Enhanced π-back-donation resulting in the trans labilization of a pyridine ligand in an N-heterocyclic carbene (NHC) PdII precatalyst: a case study

Abstract

The molecular structure of the benzimidazol-2-ylidene-PdCl2-pyridine-type PEPPSI (pyridine-enhanced precatalyst, preparation, stabilization and initiation) complex {1,3-bis[2-(diisopropylamino) ethyl] benzimidazol-2-ylidene-kappa C-2}dichlorido(pyridine-kappa N) palladium(II), [PdCl2(C5H5N)(C23H40N4)], has been characterized by elemental analysis, IR and NMR spectroscopy, and natural bond orbital (NBO) and charge decomposition analysis (CDA). Cambridge Structural Database (CSD) searches were used to understand the structural characteristics of the PEPPSI complexes in comparison with the usual Nheterocyclic carbene (NHC) complexes. The presence of weak C-H center dot center dot center dot Cl-type hydrogen-bond and pi-pi stacking interactions between benzene rings were verified using NCI plots and Hirshfeld surface analysis. The preferred method in the CDA of PEPPSI complexes is to separate their geometries into only two fragments, i. e. the bulky NHC ligand and the remaining fragment.

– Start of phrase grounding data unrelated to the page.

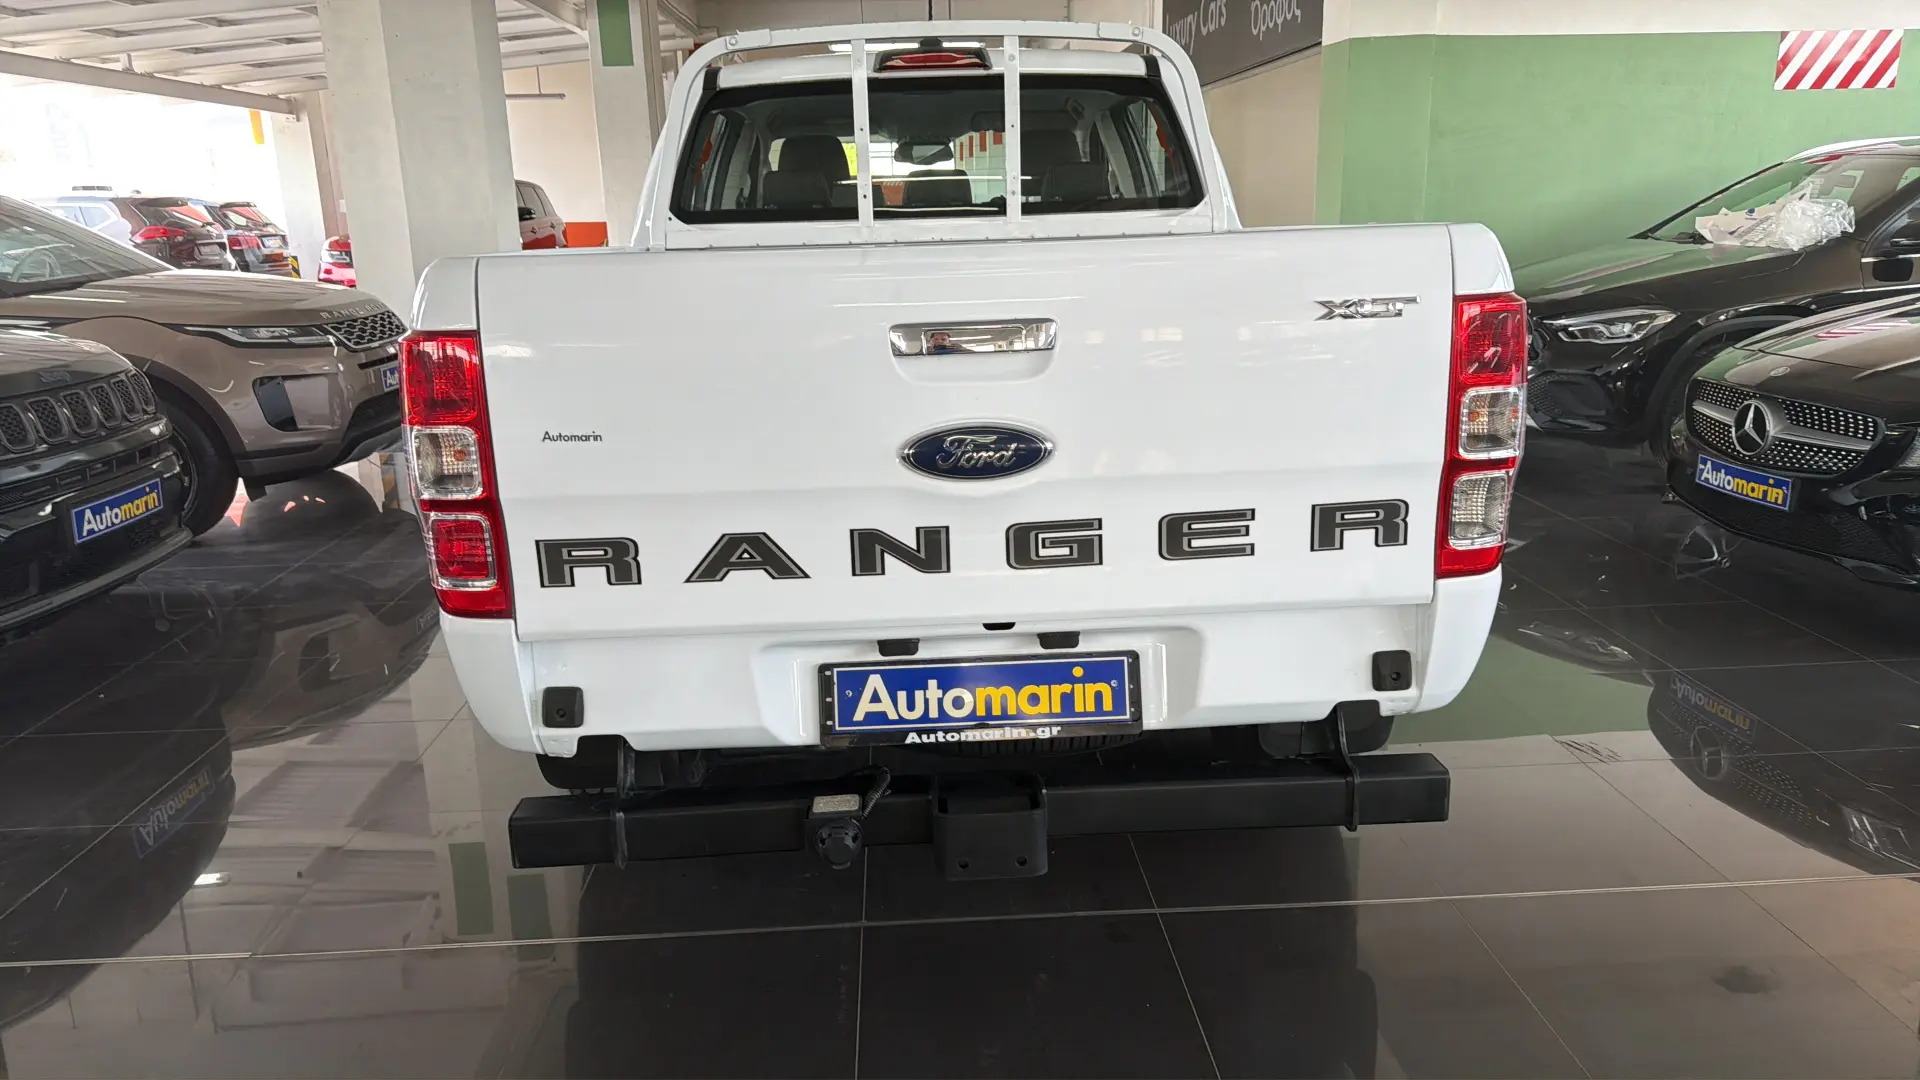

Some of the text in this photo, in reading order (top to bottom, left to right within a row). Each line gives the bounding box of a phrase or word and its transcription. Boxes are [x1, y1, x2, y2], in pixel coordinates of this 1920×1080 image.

[1200, 0, 1227, 36] Cars
[1313, 295, 1421, 321] XLT
[542, 430, 603, 442] Automarin
[936, 435, 1018, 468] Ford
[1701, 460, 1785, 505] Automarin
[82, 486, 159, 536] Automarin
[535, 499, 1409, 588] RANGER
[852, 666, 1113, 722] Automarin
[904, 725, 1062, 744] Automarin.gr
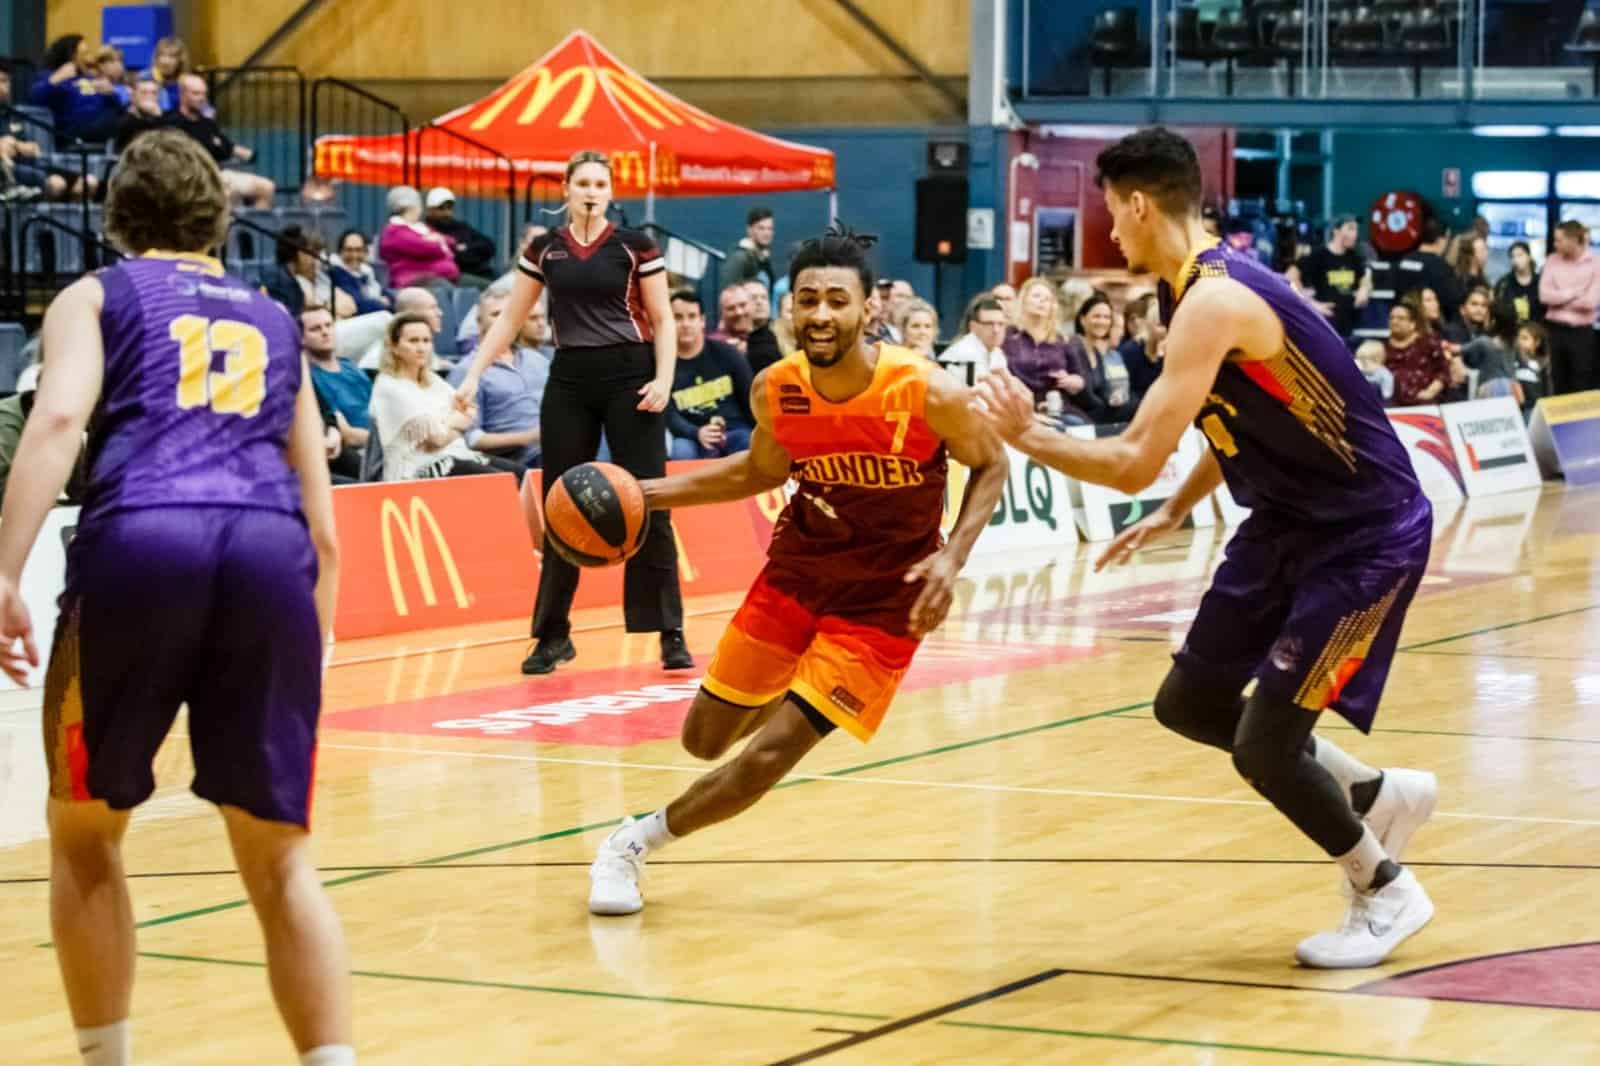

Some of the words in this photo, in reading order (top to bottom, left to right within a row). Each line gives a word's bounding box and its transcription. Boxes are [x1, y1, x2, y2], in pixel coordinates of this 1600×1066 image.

[169, 314, 268, 418] 13
[885, 411, 911, 454] 7
[795, 452, 924, 489] HUNDER
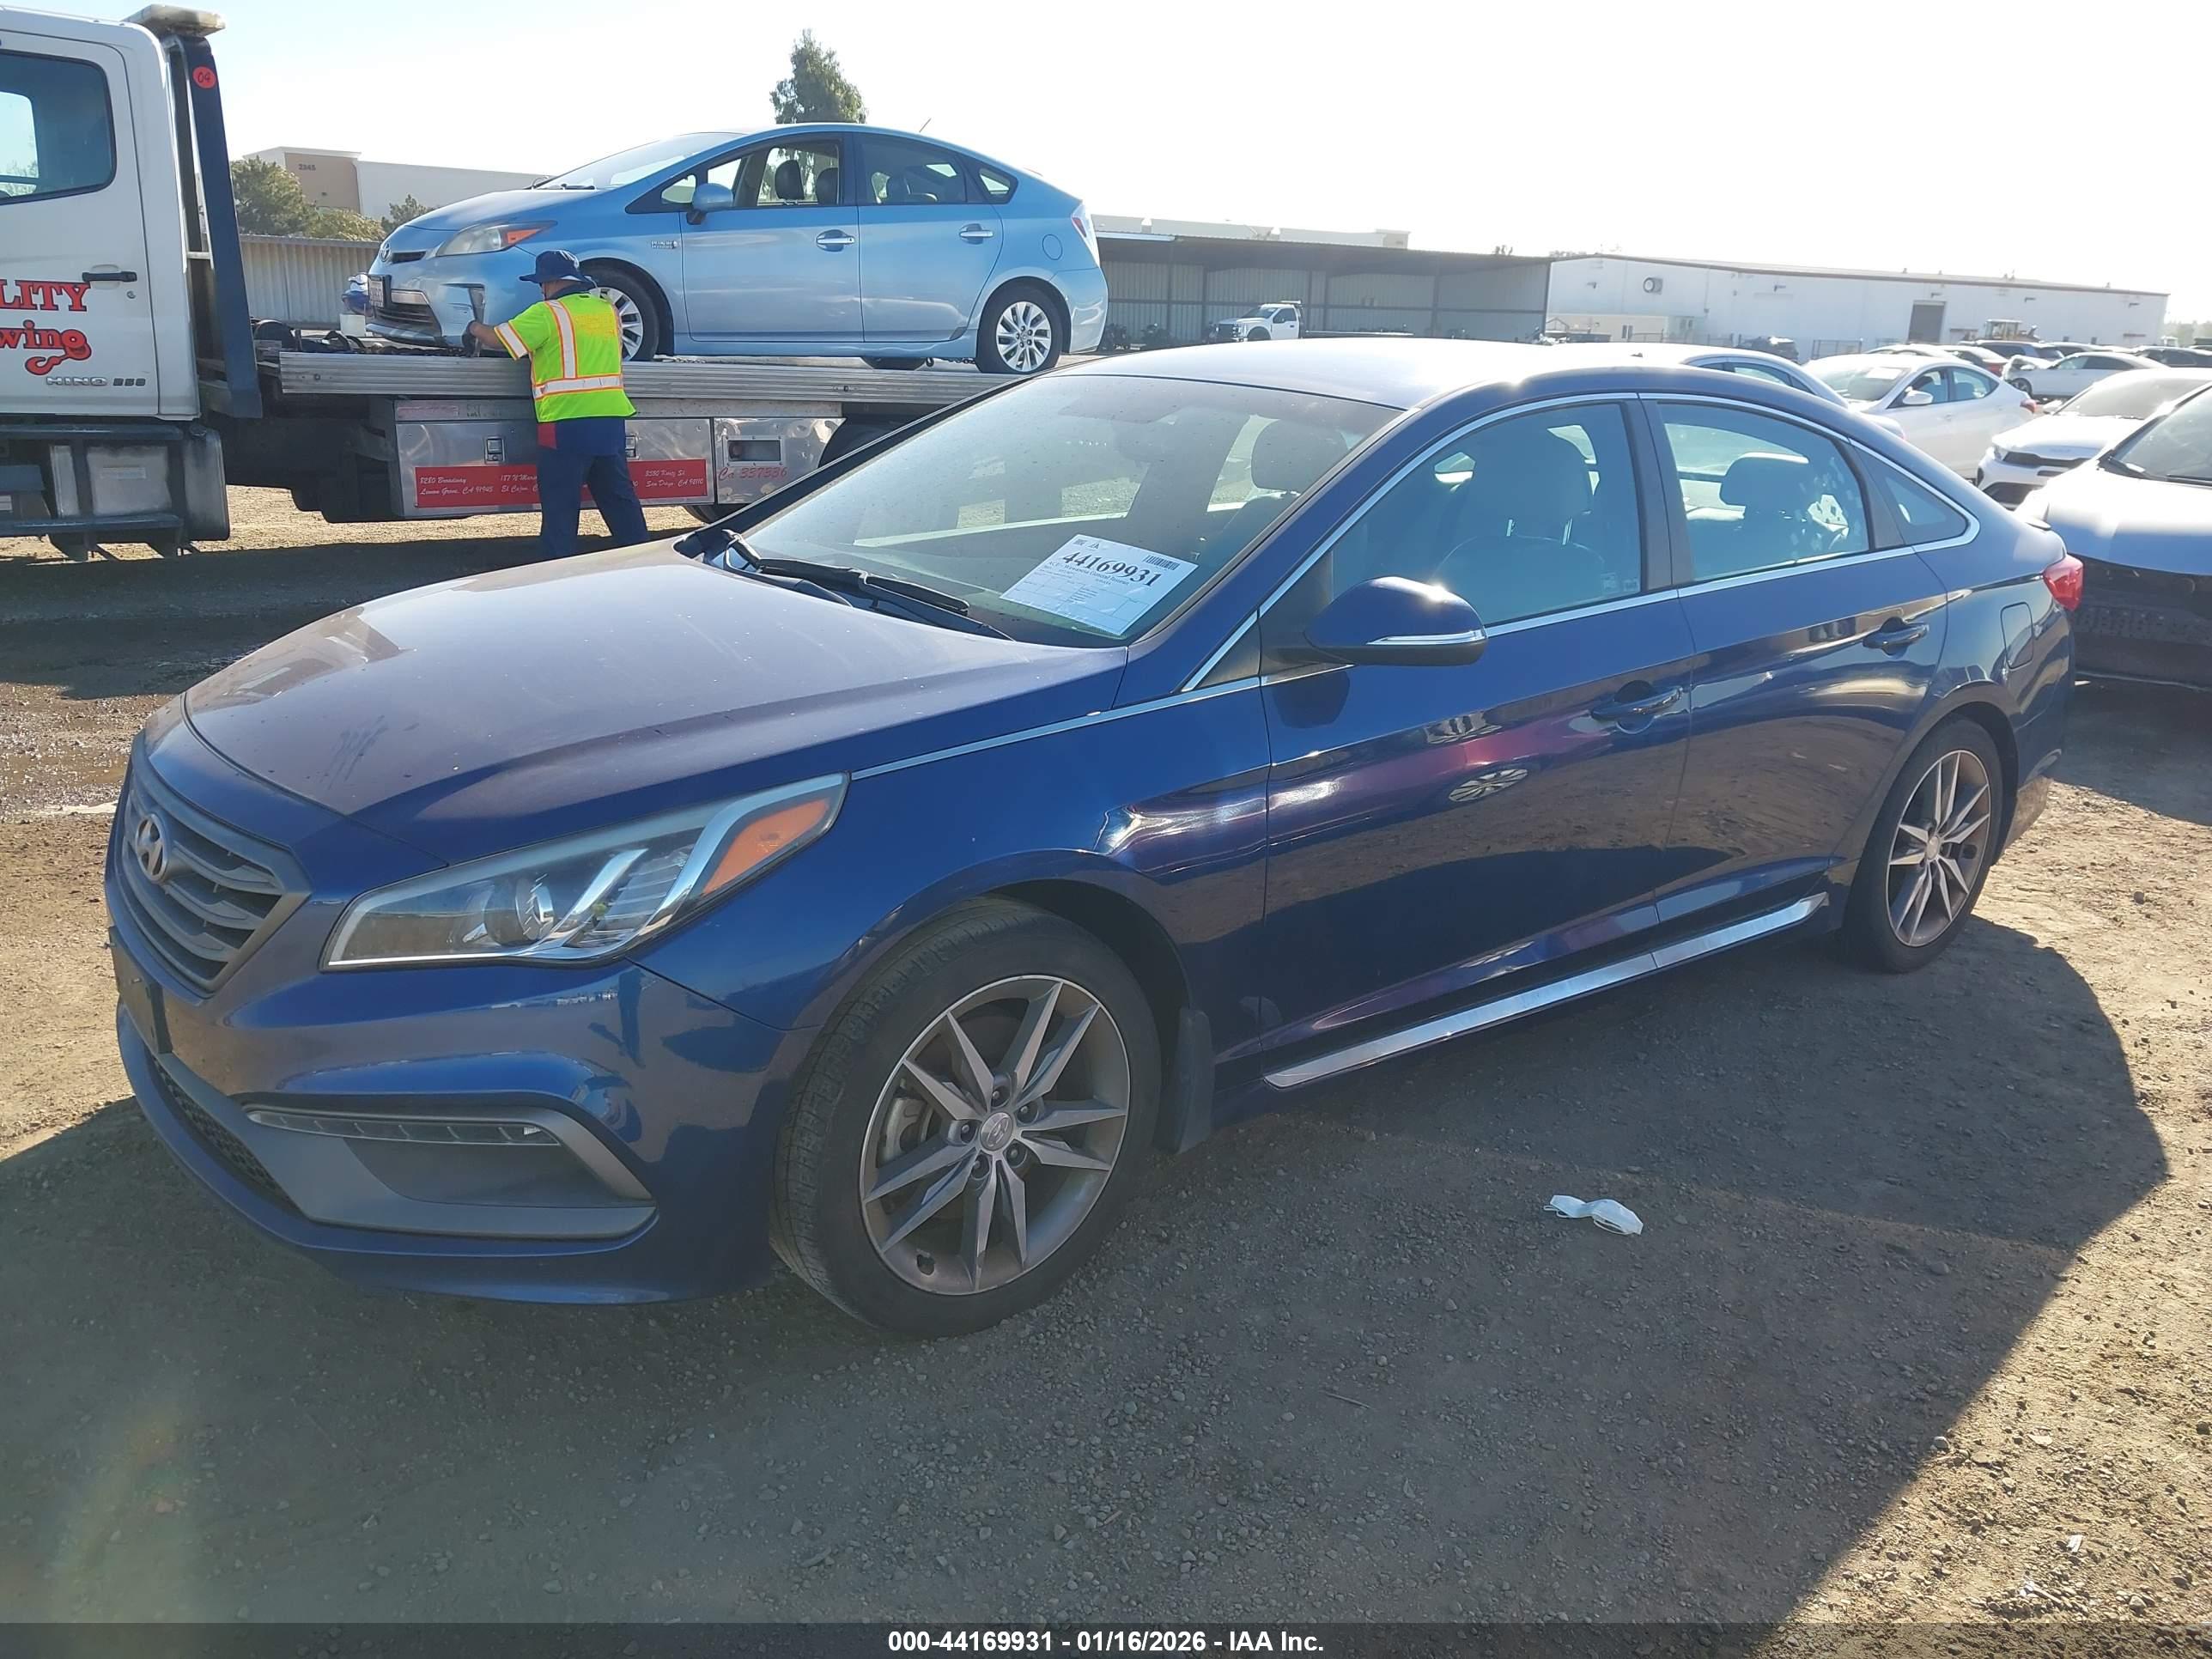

In this study, the geometry of the PEPPSI complex is separated into five fragments, namely benzimidazol-2-ylidene (Bimy), two chlorides, pyridine (Py) and the Pd II ion. Thus, the individual roles of the Pd atom and the Py ligand in the donation and back-donation mechanisms have been clearly revealed. The NHC ligand in the PEPPSI complex in this study acts as a strong pi-donor with a considerable amount of pi-back-donation from Pd to Ccarbene. The electron-poor character of Pd II is supported by pi-back-donation from the Pd centre and the weakness of the Pd-N(Py) bond. According to CSD searches, Bimy ligands in PEPPSI complexes have a stronger pi-donating ability than imidazol-2-ylidene ligands in PEPPSI complexes.